**RAW DATA**.

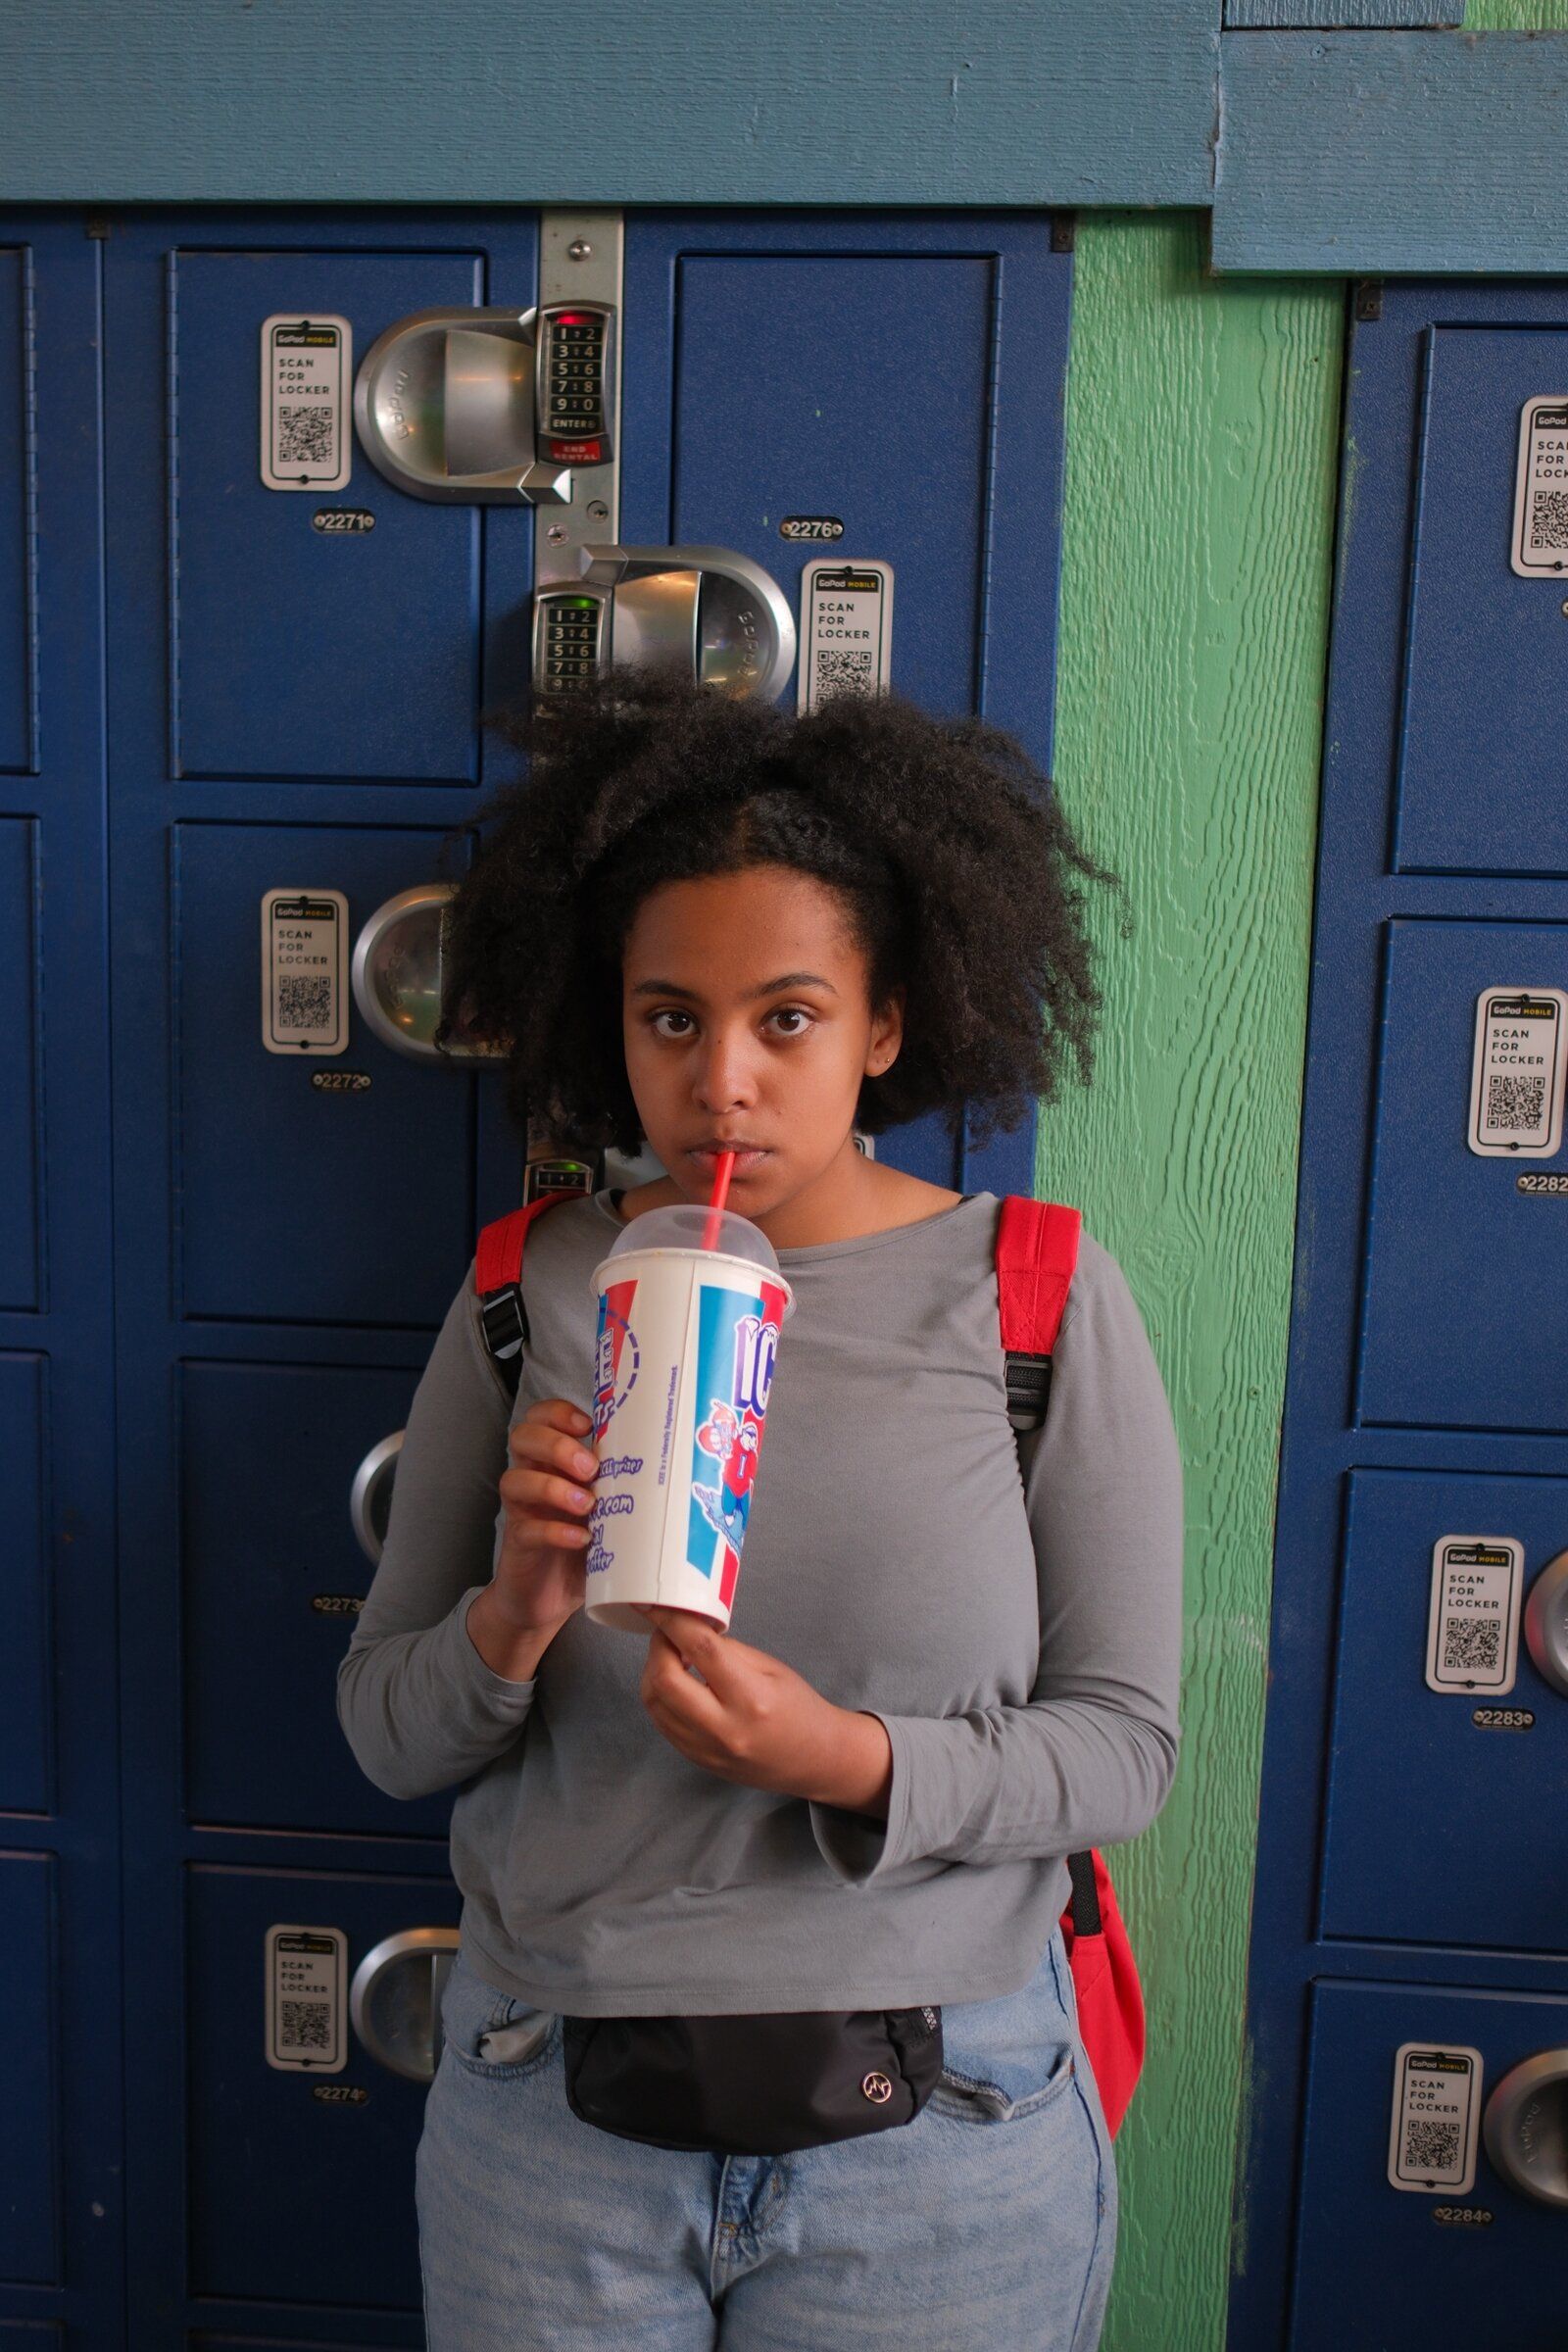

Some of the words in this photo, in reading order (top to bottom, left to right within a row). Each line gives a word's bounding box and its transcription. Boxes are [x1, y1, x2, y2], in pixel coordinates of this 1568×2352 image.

[278, 359, 314, 368] SCAN
[278, 385, 329, 394] LOCKER
[553, 418, 588, 428] ENTER
[1539, 416, 1567, 425] GoPod
[1538, 441, 1568, 451] SCA
[1537, 455, 1564, 465] FOR
[324, 514, 365, 529] 2271
[790, 521, 833, 537] 2276
[818, 578, 846, 588] GoPod
[818, 602, 855, 612] SCAN
[817, 615, 845, 625] FOR
[817, 629, 870, 639] LOCKER
[276, 908, 304, 917] GoPod
[278, 930, 313, 939] SCAN
[278, 943, 304, 952] FOR
[1494, 1005, 1521, 1015] GoPod
[1493, 1029, 1530, 1039] SCAN
[1491, 1055, 1544, 1064] LOCKER
[321, 1074, 363, 1088] 2272
[1527, 1175, 1568, 1192] 2282
[613, 1454, 643, 1479] prizes
[1450, 1553, 1477, 1562] GoPod
[1449, 1575, 1486, 1584] SCAN
[1448, 1587, 1474, 1595] FOR
[321, 1597, 361, 1612] 2273
[1448, 1599, 1499, 1609] LOCKER
[1482, 1711, 1524, 1727] 2283
[281, 1961, 314, 1970] SCAN
[281, 1972, 306, 1982] FOR
[281, 1984, 327, 1993] LOCKER
[1411, 2060, 1437, 2069] GoPod
[1439, 2062, 1466, 2071] MOBILE
[1411, 2080, 1445, 2089] SCAN
[321, 2087, 361, 2101] 2274
[1410, 2091, 1435, 2101] FOR
[1409, 2103, 1459, 2113] LOCKER
[1443, 2207, 1484, 2223] 2284

**YOUR GOAL**. Output the entries above exactly. Do not include the pictures.

**PROBLEM SOLUTION**.
Some of the words in this photo, in reading order (top to bottom, left to right within a row). Each line gives a word's bounding box and its transcription. Boxes are [x1, y1, x2, y2], in pixel coordinates of this 1568×2352 image.

[278, 359, 314, 368] SCAN
[278, 385, 329, 394] LOCKER
[553, 418, 588, 428] ENTER
[1539, 416, 1567, 425] GoPod
[1538, 441, 1568, 451] SCA
[1537, 455, 1564, 465] FOR
[324, 514, 365, 529] 2271
[790, 521, 833, 537] 2276
[818, 578, 846, 588] GoPod
[818, 602, 855, 612] SCAN
[817, 615, 845, 625] FOR
[817, 629, 870, 639] LOCKER
[276, 908, 304, 917] GoPod
[278, 930, 313, 939] SCAN
[278, 943, 304, 952] FOR
[1494, 1005, 1521, 1015] GoPod
[1493, 1029, 1530, 1039] SCAN
[1491, 1055, 1544, 1064] LOCKER
[321, 1074, 363, 1088] 2272
[1527, 1175, 1568, 1192] 2282
[613, 1454, 643, 1479] prizes
[1450, 1553, 1477, 1562] GoPod
[1449, 1575, 1486, 1584] SCAN
[1448, 1587, 1474, 1595] FOR
[321, 1597, 361, 1612] 2273
[1448, 1599, 1499, 1609] LOCKER
[1482, 1711, 1524, 1727] 2283
[281, 1961, 314, 1970] SCAN
[281, 1972, 306, 1982] FOR
[281, 1984, 327, 1993] LOCKER
[1411, 2060, 1437, 2069] GoPod
[1439, 2062, 1466, 2071] MOBILE
[1411, 2080, 1445, 2089] SCAN
[321, 2087, 361, 2101] 2274
[1410, 2091, 1435, 2101] FOR
[1409, 2103, 1459, 2113] LOCKER
[1443, 2207, 1484, 2223] 2284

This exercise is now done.